Such was the condition of things at the time of Union. Injustice, repression, and inhumanity characterized the treatment of the Coloured races in the north: justice, benevolence, and equality of opportunity in the south. Now, it is said that "where slavery is prohibited, there civil liberty must exist; where civil liberty is denied, there slavery follows." These maxims, every student of history will admit, have been abundantly verified in the history of South Africa. Take, for instance, a comparison of the condition of the Coloured people of this town and that of Bloemfontein, the capital of the Orange Free State. Your member of Parliament has stated that in Kimberley our people are a credit to the district, and the most advanced and progressive Coloured people in South Africa. This is no doubt due to the excellent educational facilities with which you have been provided for some considerable time, to the liberty and freedom you enjoy, and to the kindly treatment you have received at the hands of the Europeans. In Bloemfontein, on the other hand, there are practically no educational facilities for children, who, as soon as they reach the age of fifteen, must enter the service of a white man, or be cast into prison. There is no freedom, no liberty, and the result is that the Coloured people of the capital of that British Slave State are uneducated, poor, and degraded.
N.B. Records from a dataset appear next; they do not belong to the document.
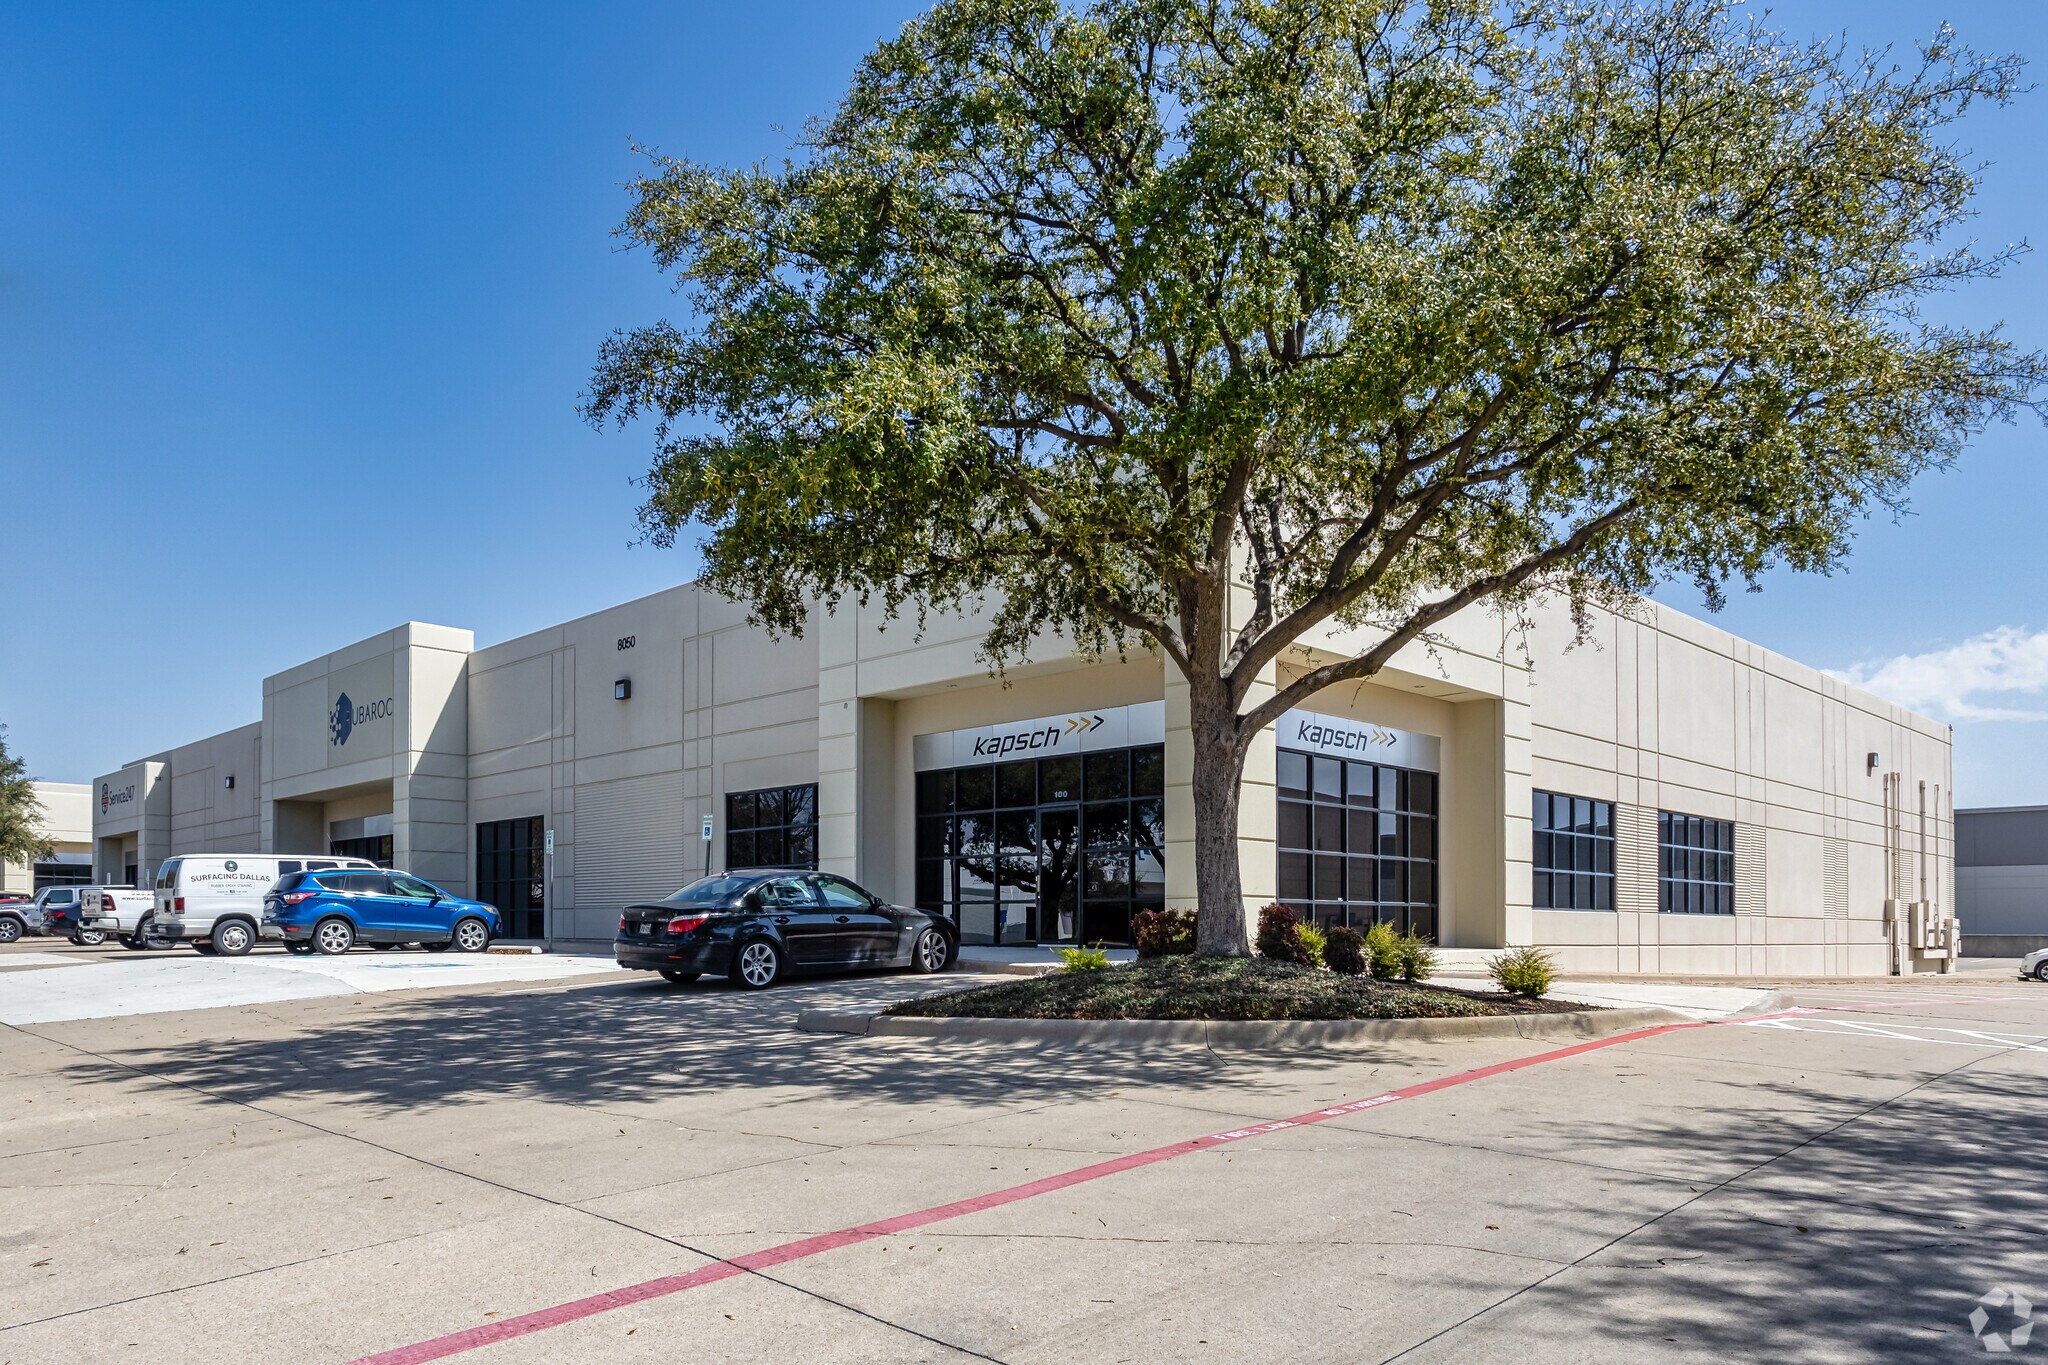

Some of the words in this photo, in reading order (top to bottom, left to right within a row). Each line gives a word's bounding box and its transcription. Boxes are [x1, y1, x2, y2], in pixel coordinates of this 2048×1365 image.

[617, 635, 636, 651] 8050
[973, 726, 1061, 757] kapsch
[1297, 720, 1368, 751] kapsch
[1054, 790, 1068, 798] 100
[190, 873, 238, 882] SURFACING
[239, 873, 271, 882] DALLAS
[1211, 1129, 1259, 1140] FIRE
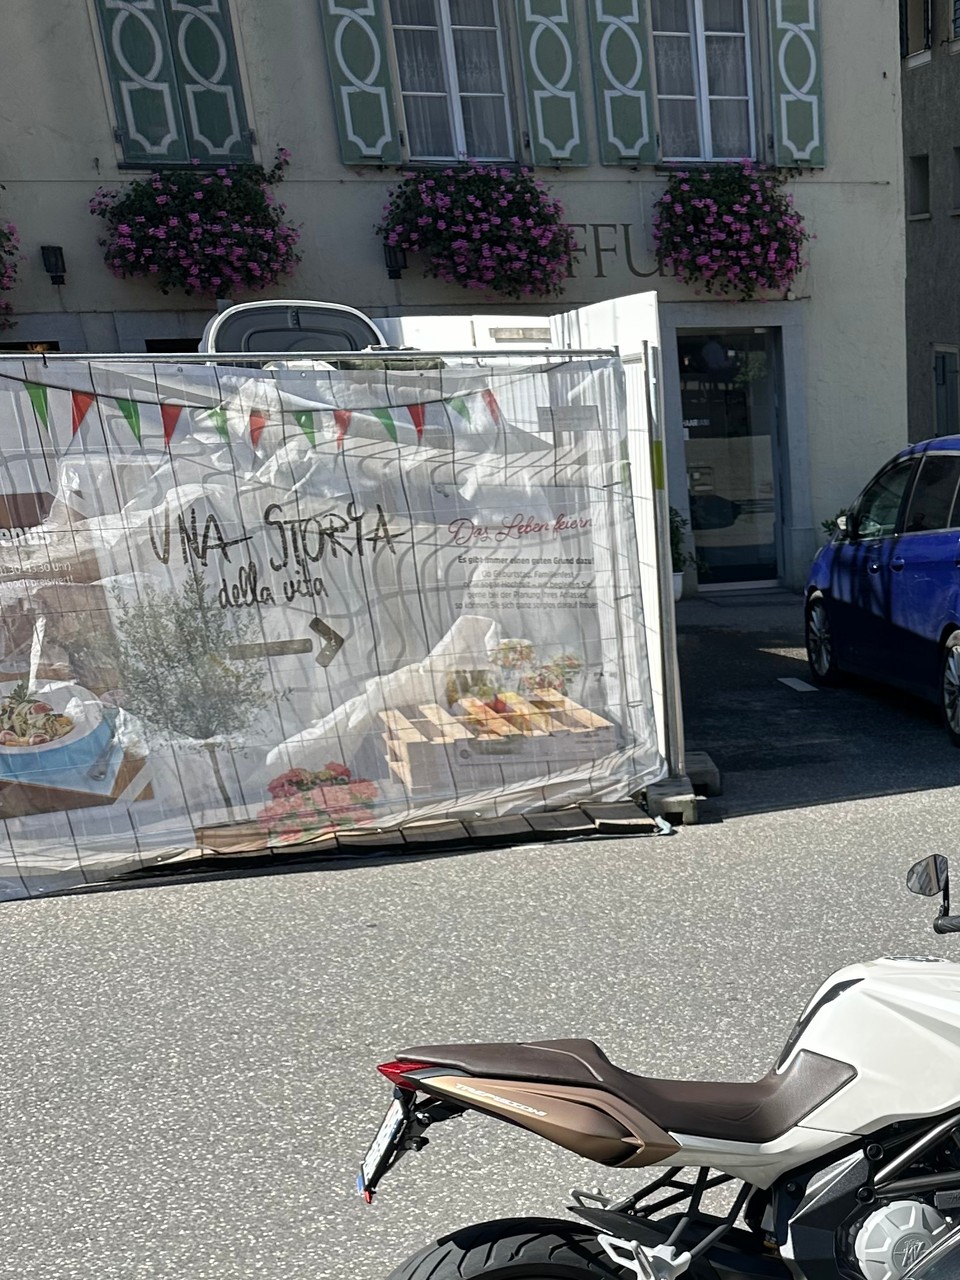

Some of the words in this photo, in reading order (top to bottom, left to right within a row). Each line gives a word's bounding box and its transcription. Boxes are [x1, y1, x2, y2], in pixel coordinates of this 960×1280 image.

[149, 499, 253, 567] UNA
[448, 517, 492, 545] Das
[495, 513, 549, 543] Leben
[457, 556, 467, 564] Es
[485, 556, 509, 564] immer
[510, 556, 530, 565] einen
[531, 556, 552, 566] guten
[553, 556, 574, 565] Grund
[218, 560, 276, 610] della
[283, 560, 329, 602] vita
Here, then, one can easily see the results produced by the two different systems of governing Coloured races — the benevolent and the despotic. In the north the denial of civil rights produced a state of virtual slavery, and the recent denial of the complete enfranchisement of the Coloured people in the Union has similarly resulted in the passing of an Act — the Natives' Land Act, which means nothing less than the partial enslavement of the races throughout the Union. With two such divergent policies in force in South Africa, it is not surprising that the Coloured races viewed with the gravest apprehension the Union of the Colonies upon a basis which would give the Northern Colonies sufficient power and influence to shape the legislation of the Union. And I have no hesitation in declaring that when Union was accomplished, and the Coloured people were partially disfranchised, the death-knell of political equality for the Coloured races was sounded, and the triumph of the north over the south was heralded.
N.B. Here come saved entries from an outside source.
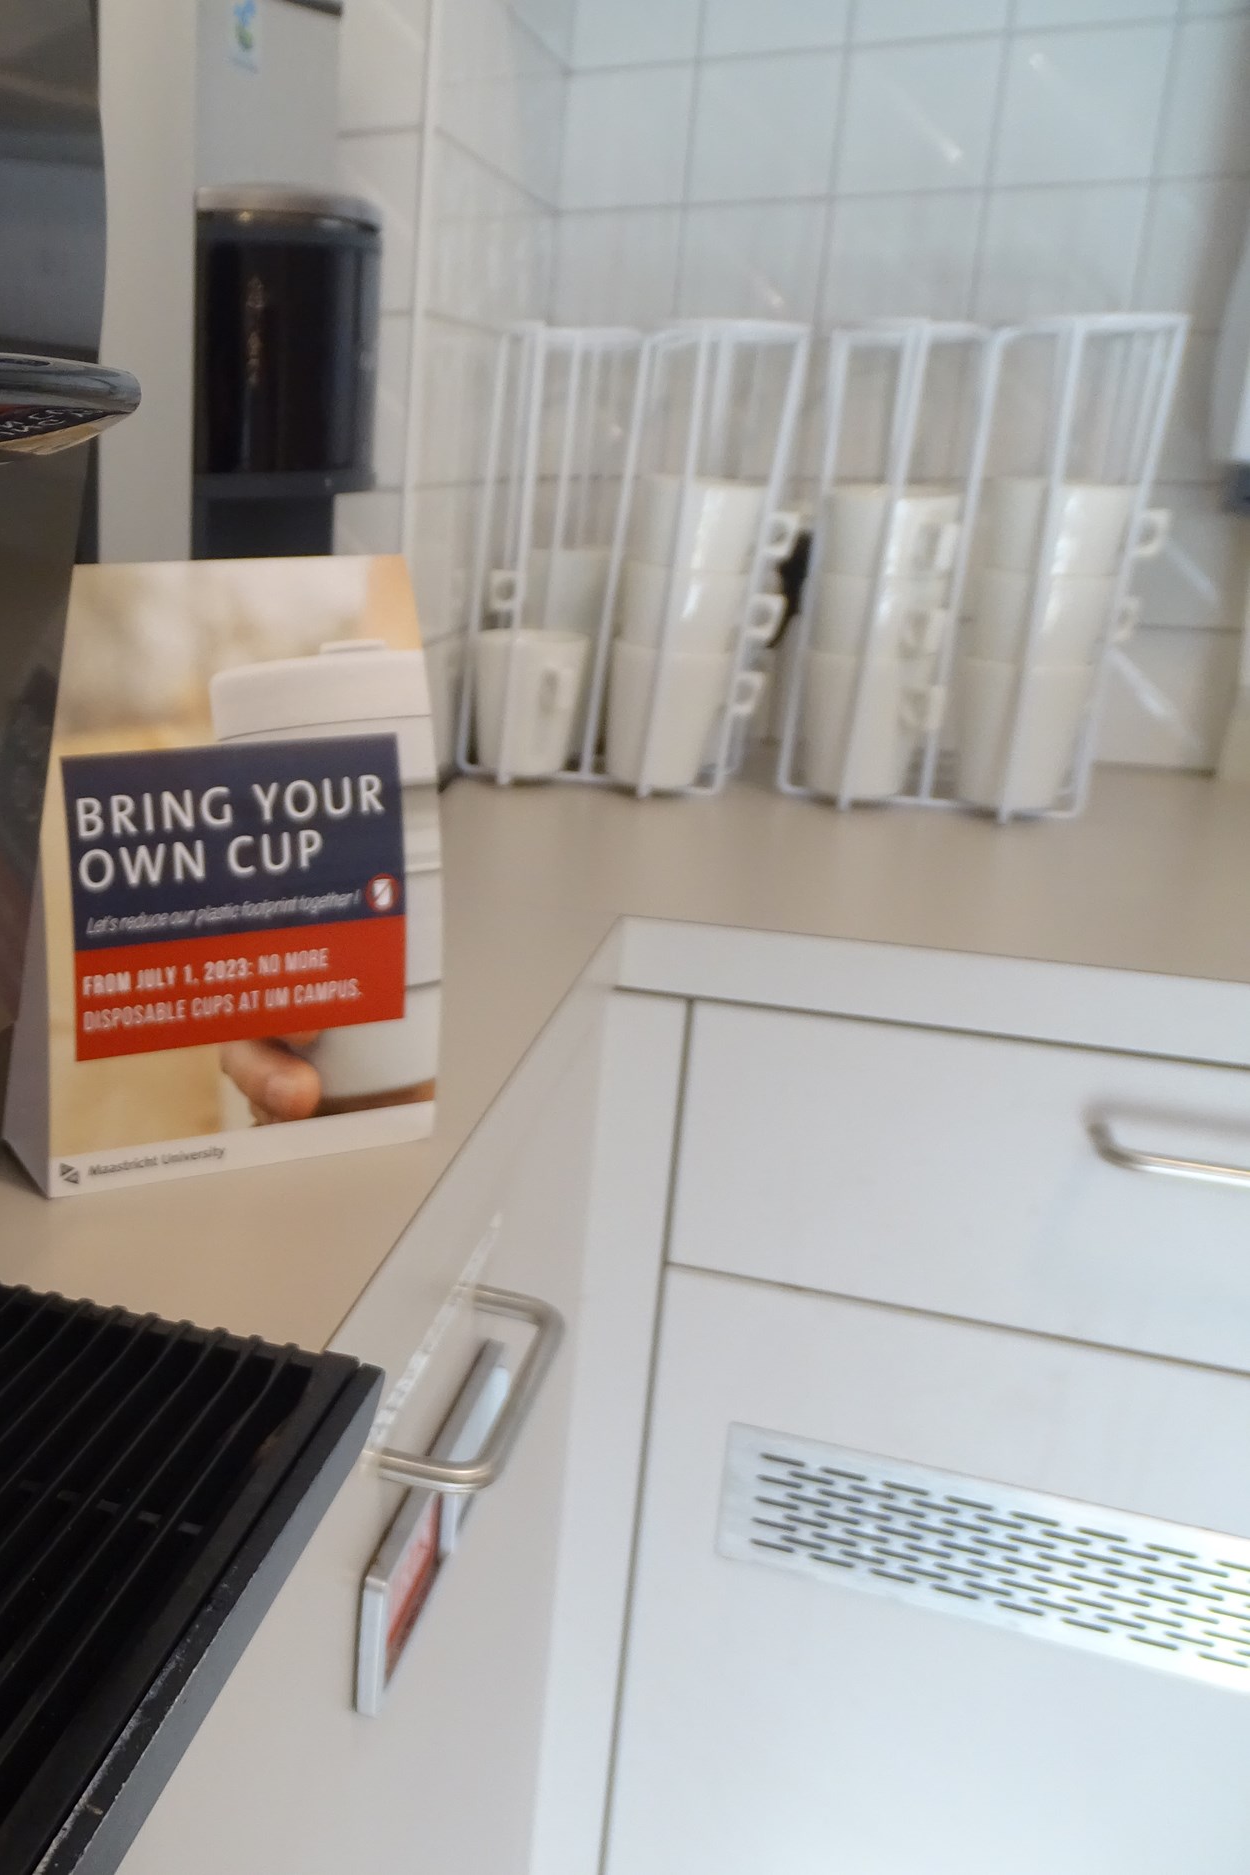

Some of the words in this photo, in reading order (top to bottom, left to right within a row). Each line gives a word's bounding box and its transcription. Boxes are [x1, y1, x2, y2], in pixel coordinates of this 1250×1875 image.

[76, 786, 233, 840] BRING
[252, 774, 385, 824] YOUR
[79, 840, 205, 892] OWN
[227, 829, 323, 877] CUP
[86, 916, 120, 935] Let's
[120, 911, 168, 931] reduce
[170, 910, 195, 926] our
[195, 903, 239, 926] plastic
[240, 897, 298, 921] footprint
[82, 971, 131, 996] FROM
[136, 965, 177, 990] JULY
[203, 957, 254, 982] 2023:
[258, 953, 280, 975] NO
[285, 948, 329, 972] MORE
[83, 998, 186, 1031] DISPOSABLE
[191, 992, 234, 1018] CUPS
[238, 990, 260, 1011] AT
[265, 985, 290, 1008] UM
[294, 978, 363, 1005] CAMPUS.
[88, 1156, 158, 1176] Maastricht
[161, 1145, 226, 1165] University
Sincere regrets were expressed by our friends at the abridgement of our rights and the curtailment of our privileges that were effected by the South Africa Act. Fervent hopes were entertained by Cape politicians that not only would we not suffer any injustice, but the position of the Coloured races in the north would be improved, and their rights eventually be admitted. They fondly believed that the leavening influence of the Cape ideas would mitigate the barbarity of those of the northerner. We had no reason to doubt the sincerity of our friends' beliefs, but we had no faith in the northerners — men whose public professions and practice were void of a vestige of justice or honour in their dealings with the Coloured races.
In November, 1904, when the question of Union was under discussion, I expressed myself thus: "In a central Parliament there would be the danger of the policies of the north slowly creeping into our Colony, and undermining our Constitution. The men of the north have already told us what they would do if they got into power; and European friends, numerous and influential as they might be, would not be able to safeguard the interests of the Coloured people." How far that prediction has been verified is well known to every Coloured man.
The position of the Coloured man at the time of the Union was such as I have described.
Since Union
Scarcely had the blessing of the Almighty been invoked on the proceedings of the Union Parliament at the opening of its first session when, to its eternal shame and infamy, it placed upon its statute book a law that would debar Christ Himself from membership of the Dutch Reformed Church. A Parliament capable of such blasphemy is capable of any iniquity.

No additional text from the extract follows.